Press freedom group welcomes dissident's release

An international press freedom group yesterday welcomed the release of the Chinese dissident journalist, Gao Yu, but condemned…

An international press freedom group yesterday welcomed the release of the Chinese dissident journalist, Gao Yu, but condemned Beijing's imprisonment of journalists under state security laws.

"We welcome her release. . . but her imprisonment was unjustified in the first place," the Paris-based Reporters Sans Frontieres (RSF) said in a statement.

"Also, this abusive detention caused her health to deteriorate. . . and Gao never received adequate treatment," it said.

RSF said 13 journalists were currently in detention in China, where journalists who obtain inside information in the course of their work are often jailed under laws relating to state security.

READ MORE

The group said it was particularly concerned over the whereabouts of a journalist, Ma Tao, who was due to be released last October.
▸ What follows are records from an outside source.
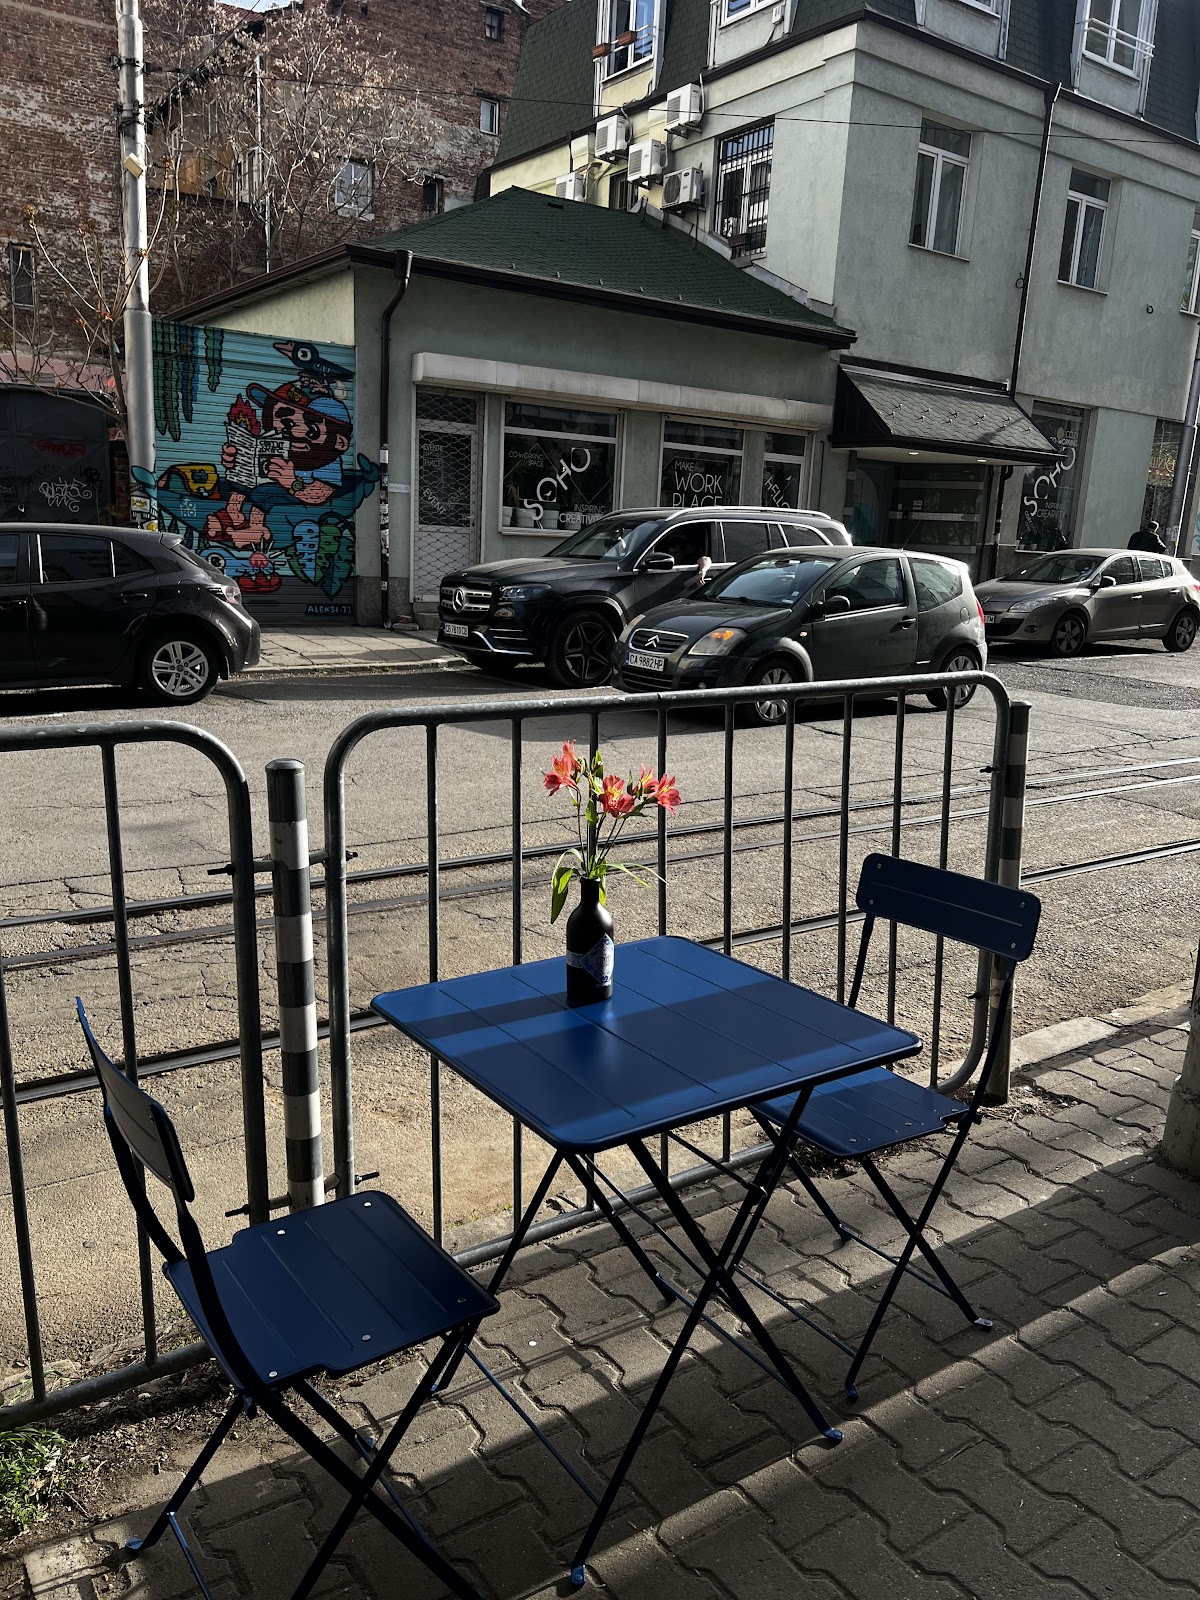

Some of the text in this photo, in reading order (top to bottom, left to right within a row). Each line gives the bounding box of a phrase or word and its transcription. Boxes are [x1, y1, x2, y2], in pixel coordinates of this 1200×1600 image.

[508, 450, 544, 461] CO-WORKING
[674, 461, 694, 472] MAKE
[523, 447, 591, 521] SOHO
[674, 473, 723, 495] WORK
[423, 488, 447, 515] EVENT
[307, 605, 339, 614] ALEKSI
"Repeated inquiries concerning her fate have met with no reply," RSF said.

Gao was released on Monday on medical parole, and allowed to return to her family in Beijing in time for the traditional Lunar New Year celebrations.

Her release came just two weeks ahead of a visit to China by the US Secretary of State, Mrs Madeleine Albright, on March 1st.

RSF condemned Gao's treatment during her detention, saying that her family's attempts at getting medicines to her failed.

"Her health is no good," Gao's son Zhao Meng said. "She has high blood pressure, heart disease and kidney problems." He said there were no plans for her to follow other prominent dissidents to exile in the United States, ostensibly to seek medical treatment.

China released prominent dissident Wei Jingsheng shortly after President Jiang Zemin returned from a high-profile trip to the United States in November 1997.

Gao was arrested in October 1993 and sentenced a year later to six years imprisonment for "divulging state secrets" overseas when she worked for the Hong Kong magazine Mirror Monthly and the now-defunct Overseas Chinese Daily.